Activity — Copy every entry exactly as given, minus the images.

Stored data entries
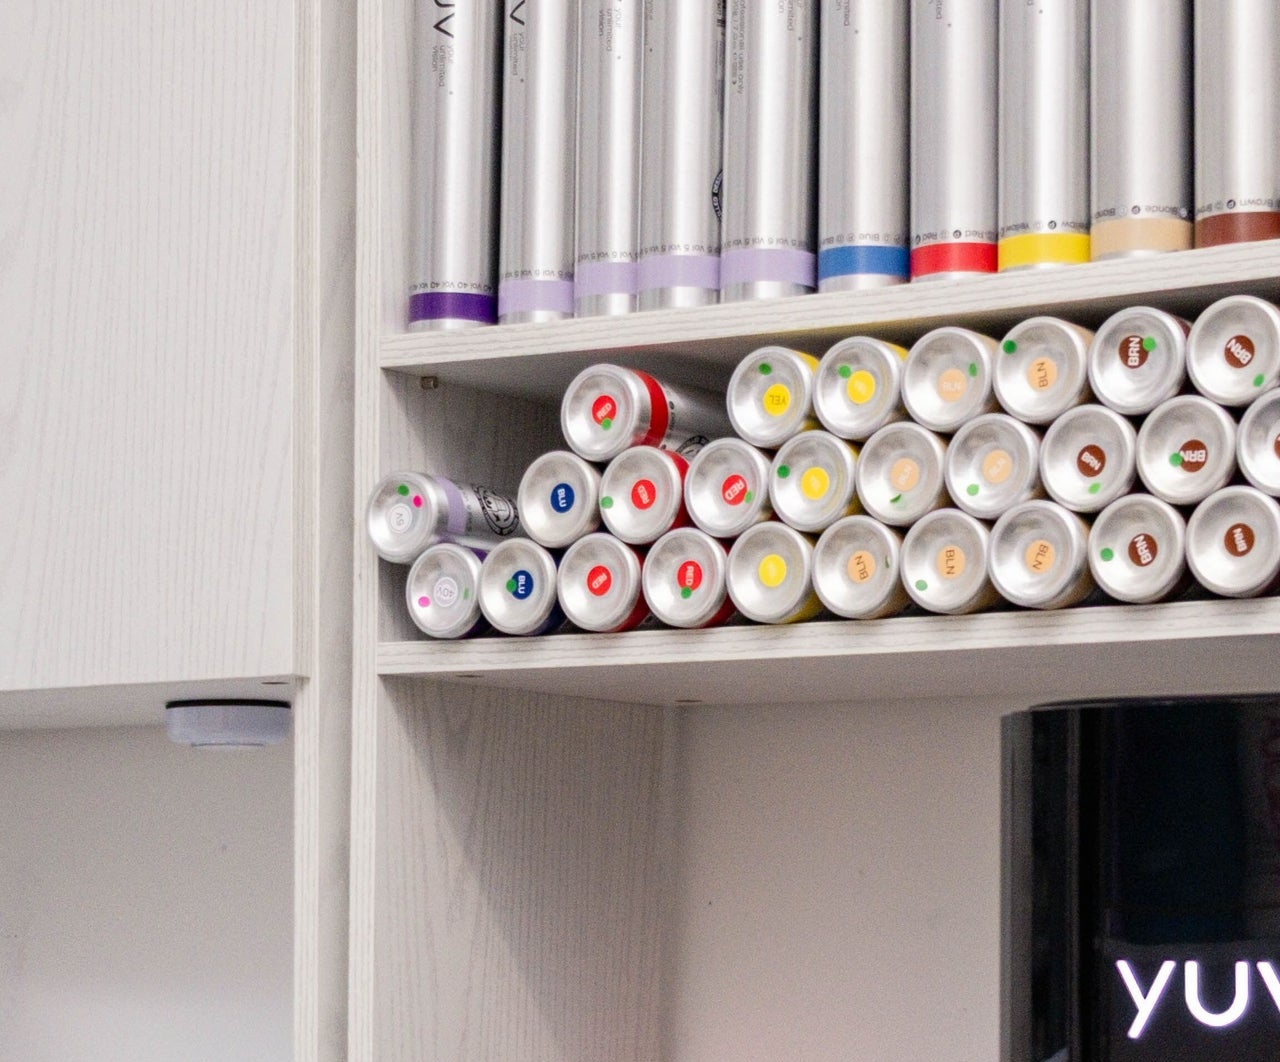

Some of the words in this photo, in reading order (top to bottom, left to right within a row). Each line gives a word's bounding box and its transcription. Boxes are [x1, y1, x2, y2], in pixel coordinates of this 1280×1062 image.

[1127, 337, 1141, 366] BRN
[1226, 338, 1252, 365] BRN
[1036, 362, 1049, 388] BLN
[769, 394, 787, 406] YEL
[596, 403, 613, 420] RED
[1080, 452, 1102, 471] BRN
[1180, 450, 1206, 462] BRN
[557, 487, 567, 508] BLU
[637, 485, 650, 505] RED
[724, 479, 746, 501] RED
[1134, 535, 1153, 564] BRN
[1232, 527, 1248, 553] BRN
[855, 555, 869, 580] BLN
[945, 549, 956, 575] BLN
[1032, 544, 1049, 570] BLN
[517, 575, 527, 594] BLU
[591, 572, 608, 589] RED
[686, 565, 695, 586] RED

Result below —
Some of the words in this photo, in reading order (top to bottom, left to right within a row). Each line gives a word's bounding box and its transcription. Boxes are [x1, y1, x2, y2], in pixel coordinates of this 1280×1062 image.

[1127, 337, 1141, 366] BRN
[1226, 338, 1252, 365] BRN
[1036, 362, 1049, 388] BLN
[769, 394, 787, 406] YEL
[596, 403, 613, 420] RED
[1080, 452, 1102, 471] BRN
[1180, 450, 1206, 462] BRN
[557, 487, 567, 508] BLU
[637, 485, 650, 505] RED
[724, 479, 746, 501] RED
[1134, 535, 1153, 564] BRN
[1232, 527, 1248, 553] BRN
[855, 555, 869, 580] BLN
[945, 549, 956, 575] BLN
[1032, 544, 1049, 570] BLN
[517, 575, 527, 594] BLU
[591, 572, 608, 589] RED
[686, 565, 695, 586] RED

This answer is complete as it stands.